__The problem__
With the line containing "Some of the words" as the starting point, output the remaining lines of the data exactly as they are, through the last.

+++

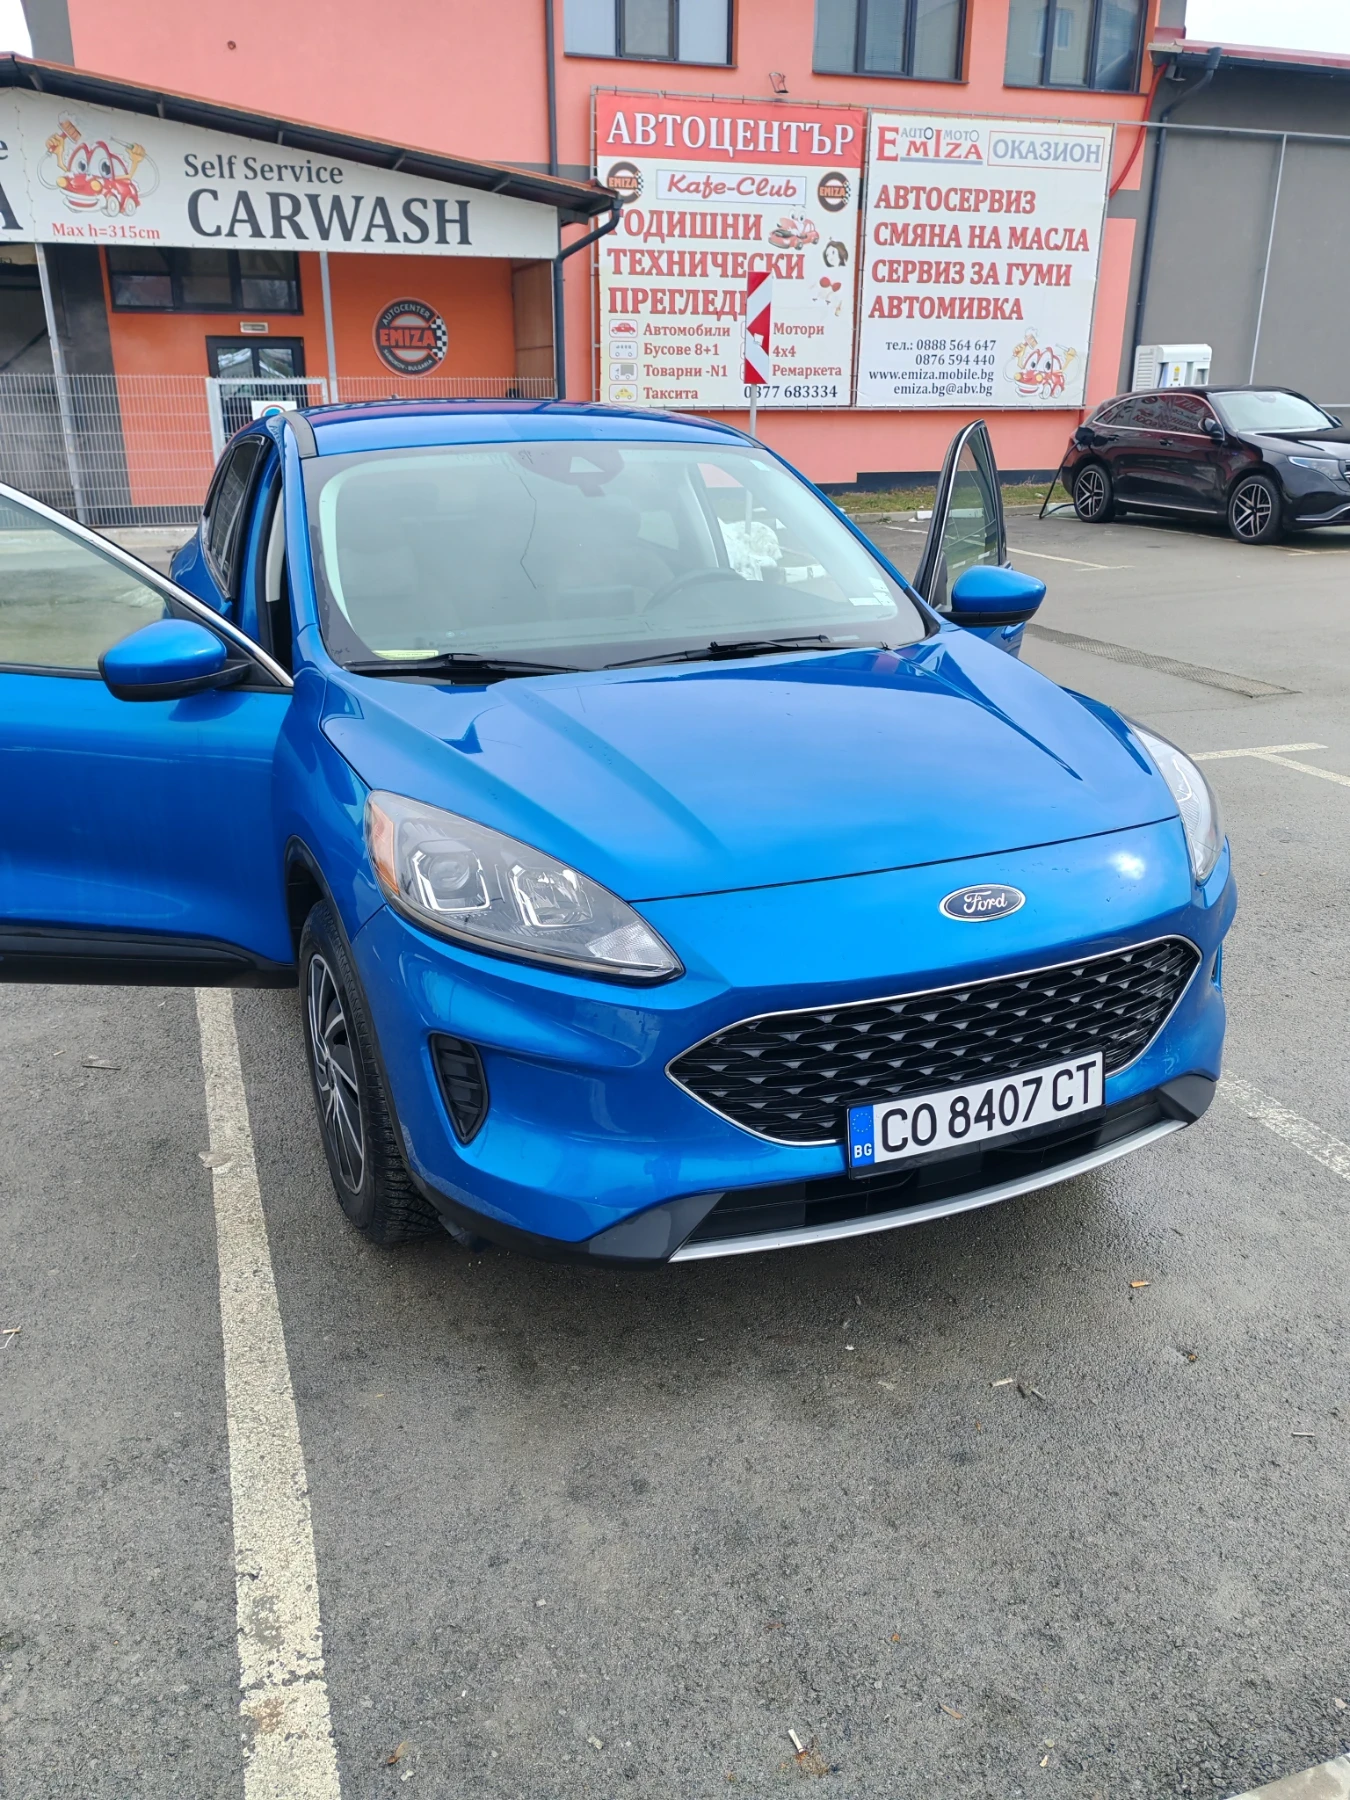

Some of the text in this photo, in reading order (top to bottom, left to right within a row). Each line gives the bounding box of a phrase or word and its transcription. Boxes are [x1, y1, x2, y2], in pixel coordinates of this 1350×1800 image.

[606, 110, 855, 158] АВТОЦЕНТЪР
[901, 127, 934, 140] AUTO
[943, 130, 979, 142] MOTO
[992, 139, 1101, 164] ОКАЗИОН
[184, 154, 343, 184] Self Service
[609, 177, 638, 188] EMIZA
[667, 173, 797, 199] Kafe-Club
[820, 187, 846, 197] EMIZA
[874, 184, 1036, 215] АВТОСЕРВИЗ
[187, 188, 473, 246] CARWASH
[52, 223, 160, 240] Max h=315cm
[873, 222, 1089, 252] СМЯНА НА МАСЛА
[606, 248, 805, 280] ТЕХНИЧЕСКИ
[871, 259, 1072, 286] СЕРВИЗ ЗА ГУМИ
[382, 304, 430, 326] AUTOCENTER
[868, 296, 1024, 321] АВТОМИВКА
[380, 328, 436, 346] EMIZA
[643, 323, 730, 337] Автомобили
[773, 322, 824, 338] Мотори
[643, 343, 719, 358] Бусове 8+1
[886, 339, 996, 351] тел.: 0888 564 647
[916, 354, 995, 366] 0876 594 440
[643, 365, 702, 380] Товарни
[772, 365, 842, 380] Ремаркета
[869, 368, 994, 382] www.emiza.mobile.bg
[643, 386, 698, 399] Таксита
[784, 385, 838, 398] 683334
[894, 383, 993, 397] emiza.bg@abv.bg
[963, 890, 1007, 913] Ford
[881, 1060, 1097, 1152] CO 8407 CT
[854, 1143, 872, 1159] BG
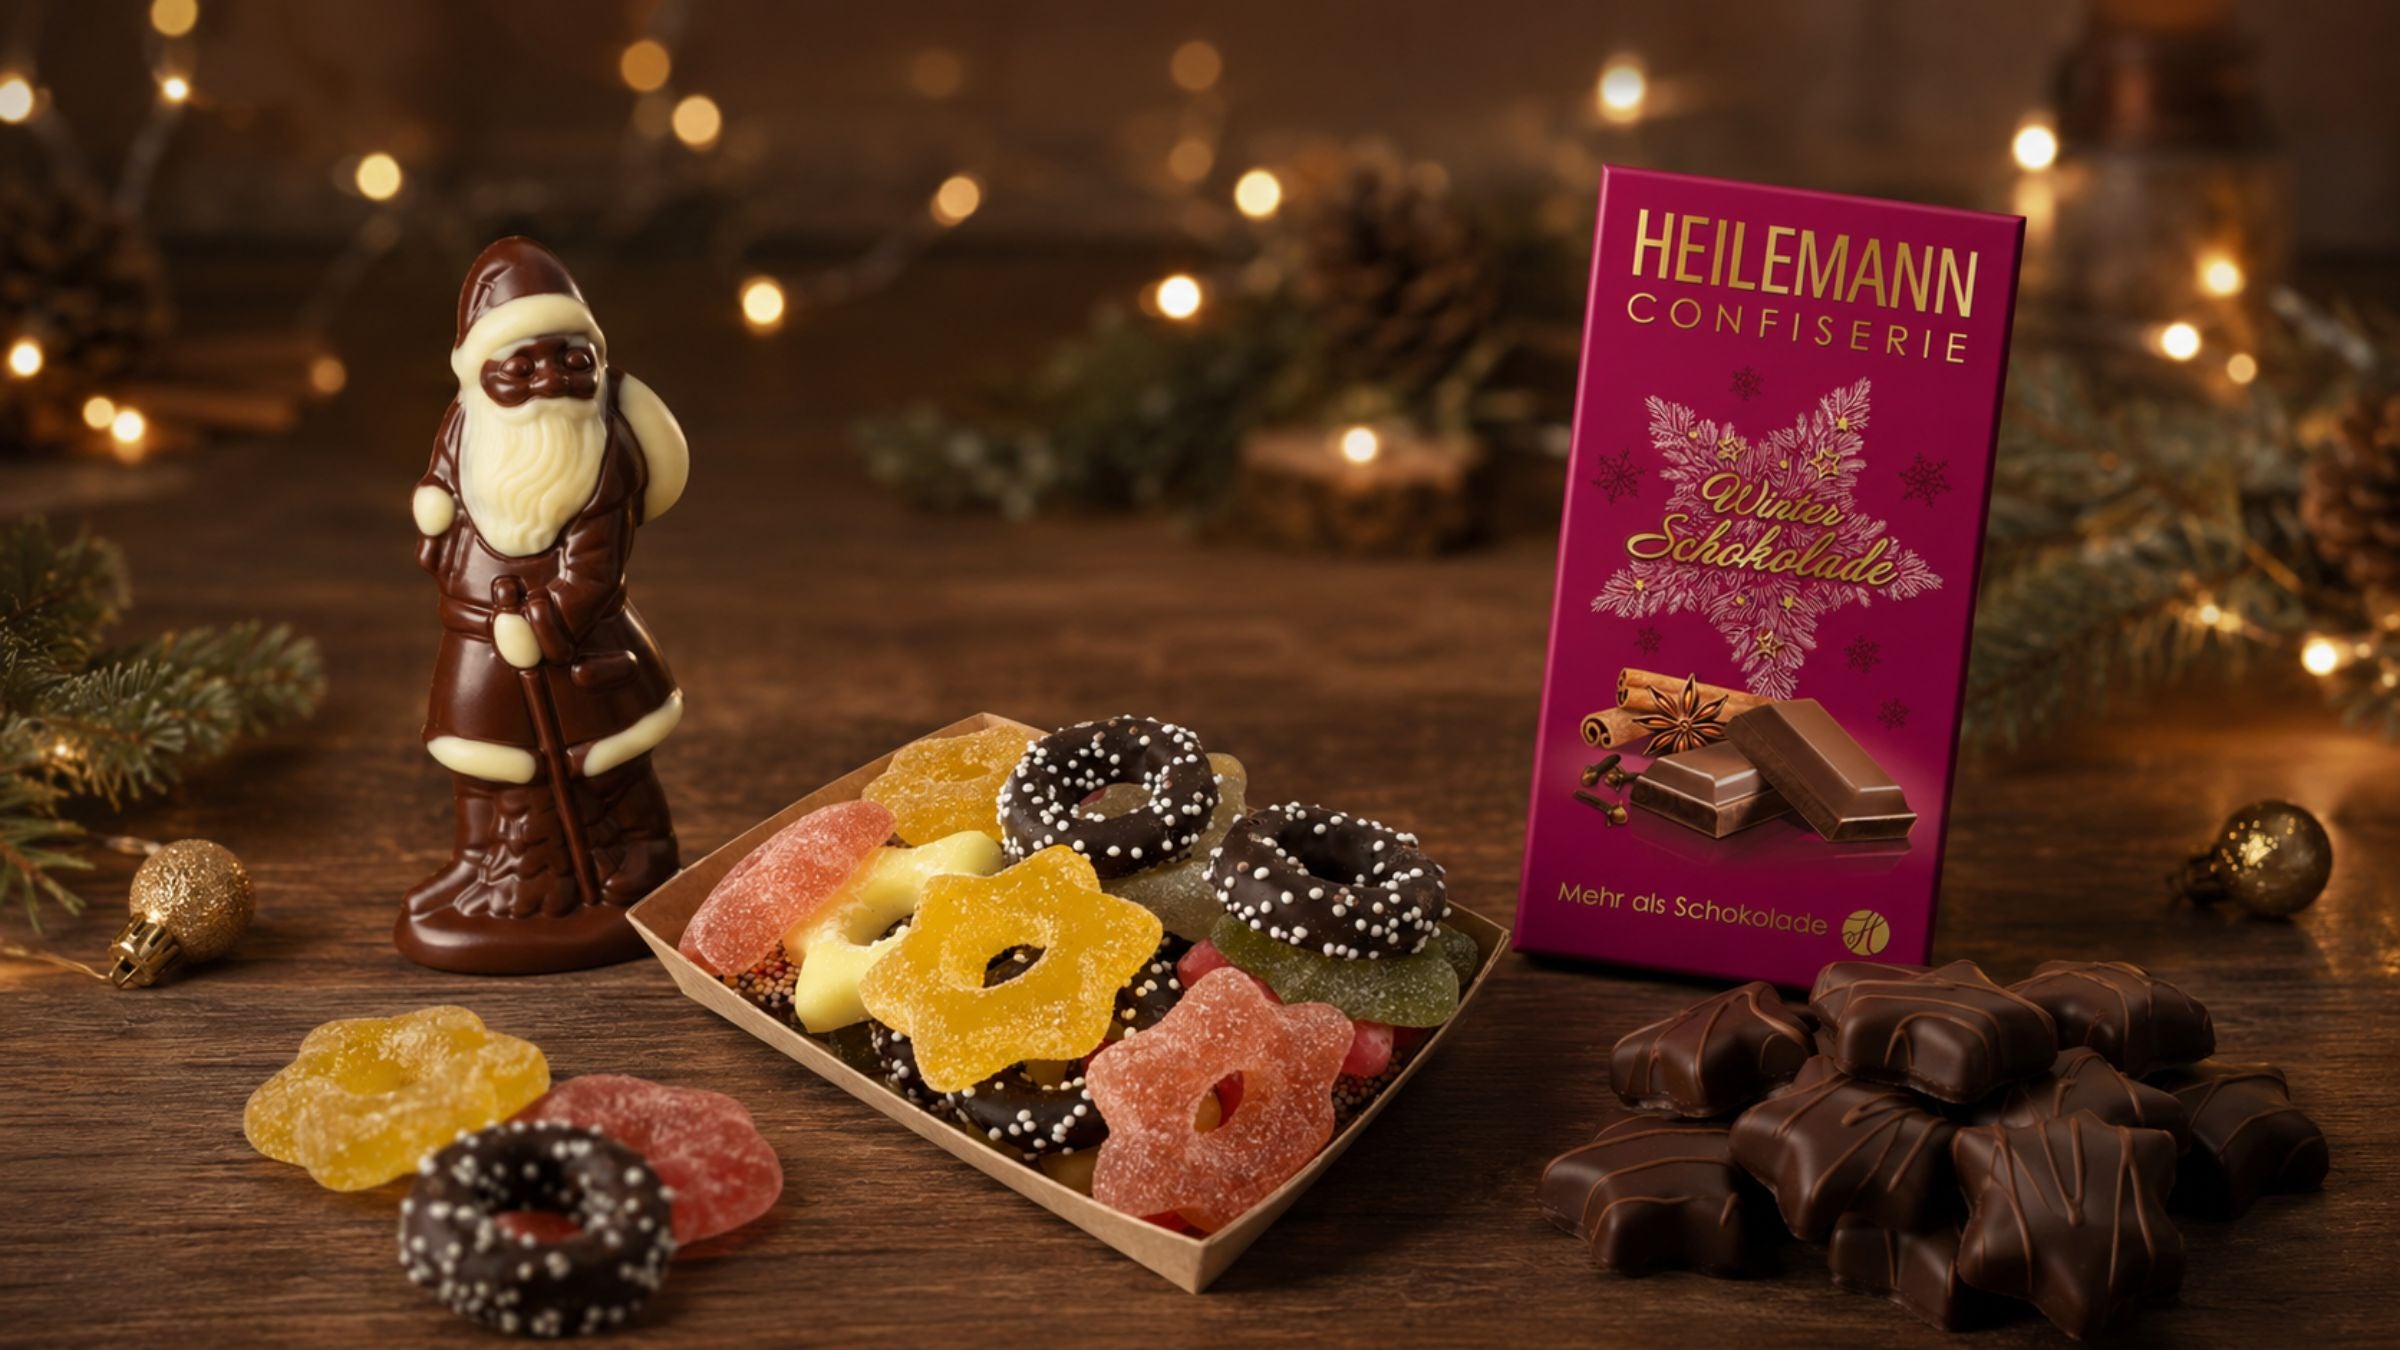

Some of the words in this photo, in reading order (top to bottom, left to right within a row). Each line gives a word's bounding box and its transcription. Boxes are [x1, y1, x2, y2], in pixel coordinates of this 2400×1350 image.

[1632, 208, 1979, 318] HEILEMANN
[1627, 292, 1969, 364] CONFISERIE
[1701, 472, 1847, 527] Winter
[1625, 513, 1899, 586] Schokolade
[1557, 881, 1625, 908] Mehr
[1632, 892, 1666, 915] als
[1673, 895, 1829, 936] Schokolade

+++

__Result below__
Some of the words in this photo, in reading order (top to bottom, left to right within a row). Each line gives a word's bounding box and its transcription. Boxes are [x1, y1, x2, y2], in pixel coordinates of this 2400×1350 image.

[1632, 208, 1979, 318] HEILEMANN
[1627, 292, 1969, 364] CONFISERIE
[1701, 472, 1847, 527] Winter
[1625, 513, 1899, 586] Schokolade
[1557, 881, 1625, 908] Mehr
[1632, 892, 1666, 915] als
[1673, 895, 1829, 936] Schokolade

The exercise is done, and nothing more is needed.